I am broadly interested in the interface between plant community and ecosystem ecology. In particular, I am interested in how the suites of physiological and life history traits present in a plant community affect ecosystem processes such as nutrient cycling and plant productivity. I focus on low fertility systems because these are places where autogenic feedbacks between plant and soil processes are likely to be the most important for community and ecosystem structure and function. Three general categories of questions have guided research in my lab:
1.) How do plant traits at the organ and whole plant-level scale to affect key ecosystem processes and when do these effects feedback to alter the success of individual species?

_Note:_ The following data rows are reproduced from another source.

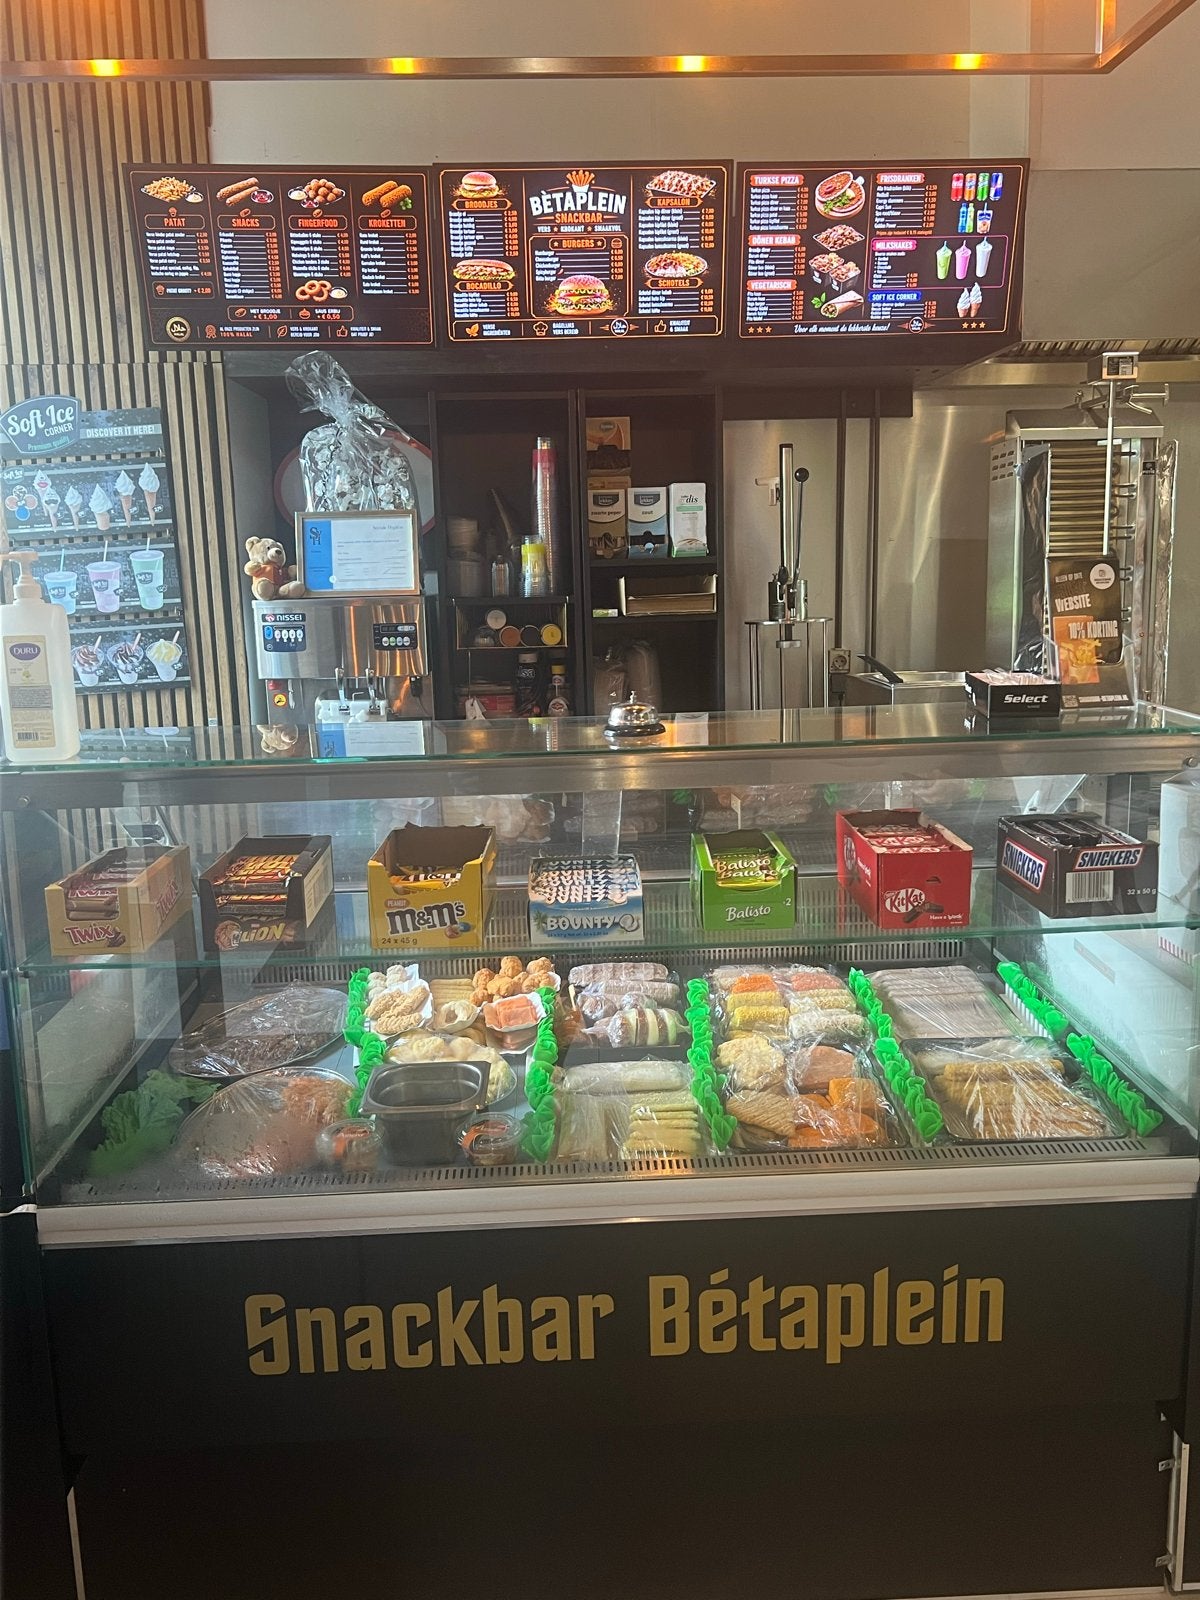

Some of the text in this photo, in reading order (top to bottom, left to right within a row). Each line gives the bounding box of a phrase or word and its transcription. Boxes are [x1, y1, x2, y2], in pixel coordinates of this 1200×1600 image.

[754, 176, 799, 184] TURKSE PIZZA
[529, 190, 627, 216] BÈTAPLEIN
[657, 198, 690, 206] KAPSALON
[164, 218, 186, 227] PATAT
[232, 218, 260, 227] SNACKS
[298, 219, 338, 228] FINGERFOOD
[368, 219, 406, 228] KROKETTEN
[555, 212, 603, 224] SNACKBAR
[562, 240, 594, 248] BURGERS
[752, 236, 796, 244] DÖNER KEBAB
[466, 282, 502, 290] BOCADILLO
[7, 405, 75, 437] Soft Ice
[44, 423, 74, 437] CORNER
[86, 424, 155, 438] DISCOVER IT HERE!
[1055, 594, 1092, 612] WEBSITE
[1068, 620, 1118, 639] 10% KORTING
[1004, 694, 1048, 704] Select
[716, 858, 771, 873] Balisto
[1003, 842, 1044, 888] SNICKERS
[1078, 850, 1140, 868] SNICKERS
[889, 888, 922, 912] KitKat
[726, 905, 771, 922] Balisto
[547, 916, 616, 931] BOUNTY
[244, 1264, 1005, 1376] Snackbar Bétaplein

2.) How do community-level interactions modify effects of plant traits on ecosystem processes?
3.) When do changes in community composition increase the vulnerability of an ecosystem function to catastrophic change?

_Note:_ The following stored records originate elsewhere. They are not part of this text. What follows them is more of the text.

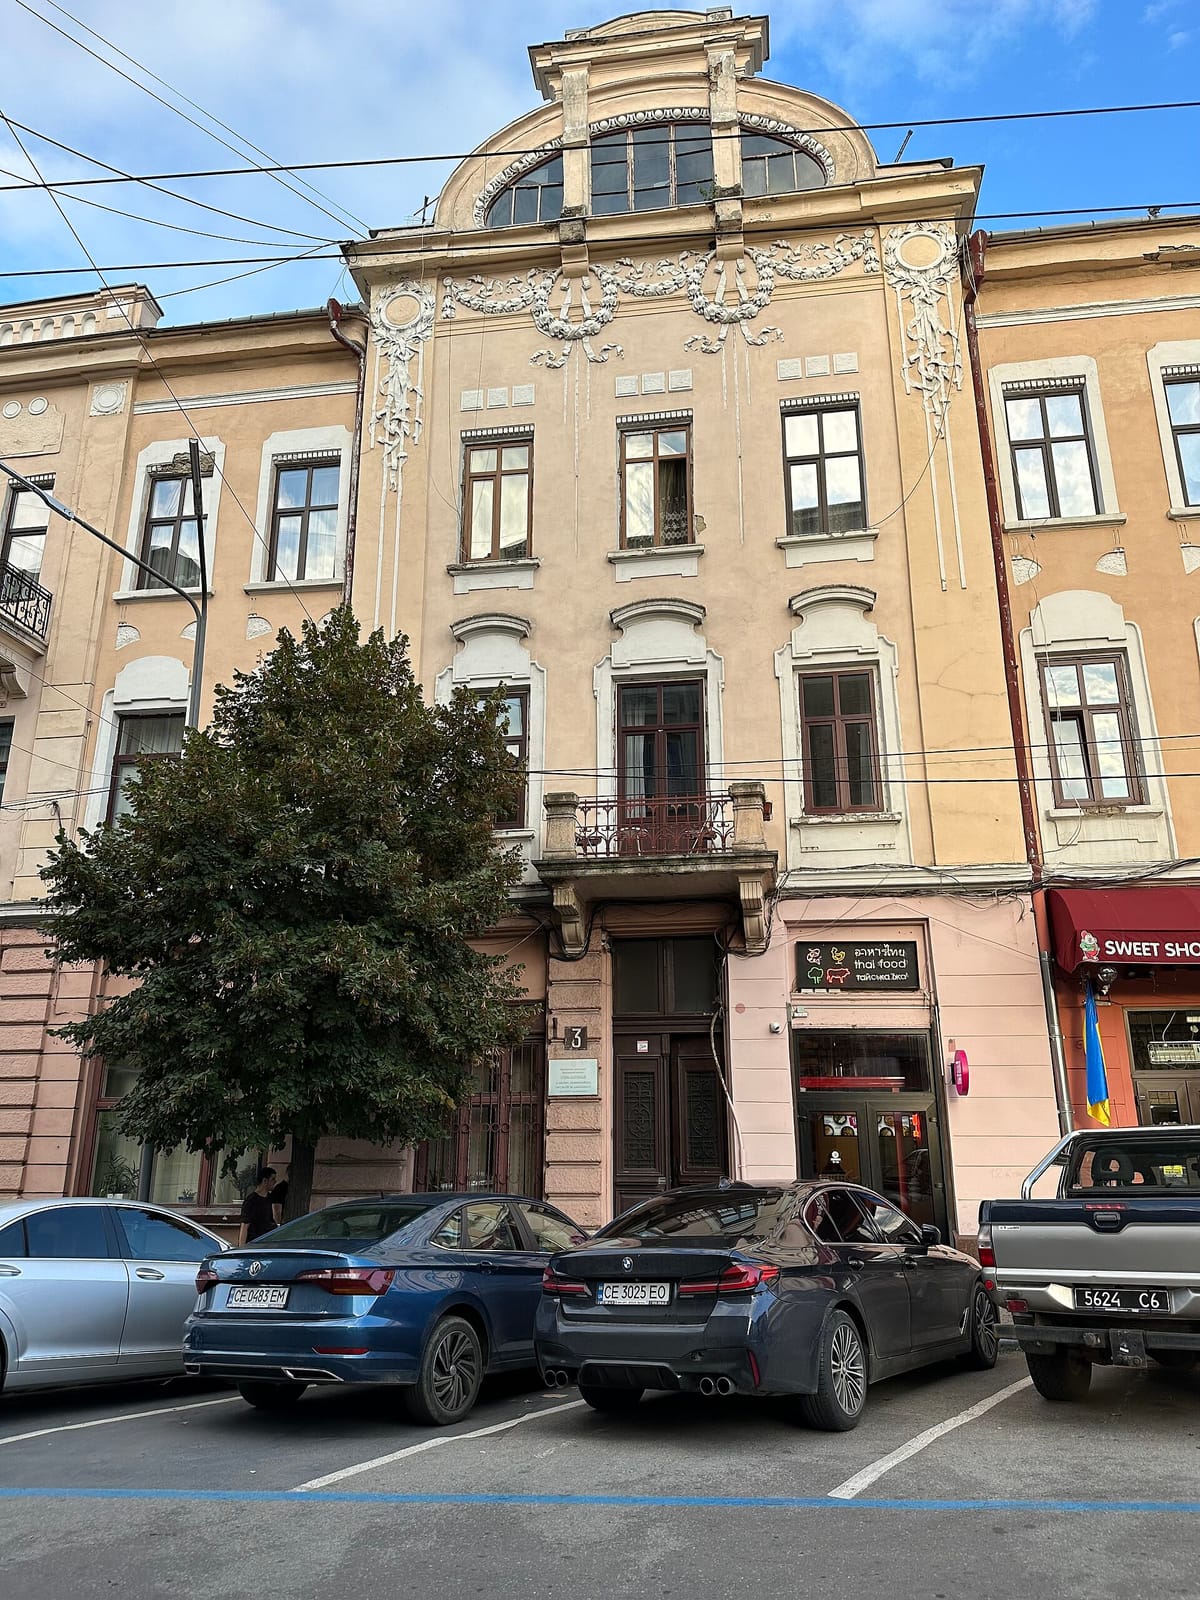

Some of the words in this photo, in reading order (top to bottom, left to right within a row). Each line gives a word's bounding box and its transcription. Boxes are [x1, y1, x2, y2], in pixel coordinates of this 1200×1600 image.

[1104, 940, 1160, 957] SWEET
[1164, 942, 1200, 957] SHO
[854, 959, 876, 970] thai
[878, 958, 907, 969] food
[571, 1027, 582, 1048] 3
[234, 1289, 248, 1303] CE
[247, 1289, 270, 1303] 0483
[270, 1289, 286, 1303] EM
[604, 1285, 620, 1299] CE
[621, 1285, 647, 1299] 3025
[649, 1285, 666, 1299] EO
[1084, 1291, 1121, 1307] 5624
[1138, 1292, 1160, 1308] C6

Through my research, I have taken a largely experimental approach to these questions, combining the techniques of community ecology and biogeochemistry. I have studied these questions in fire-disturbed boreal forests in Alaska and Siberia, in the moist acidic tundra of Alaska’s North Slope, in Hawaiian dry forests invaded by exotic grasses, and in epiphyte communities of wet tropical forest canopies. I have described several of these projects in detail below. Although their locations are quite different, my studies approach a unified goal: to better understand the fundamental role of plant traits in the nutrient dynamics of low nutrient ecosystems. I hope that through my research I can both increase our basic understanding of how ecosystems function, and improve our ability to predict how human-caused change in biodiversity and resource availability will alter terrestrial ecosystems.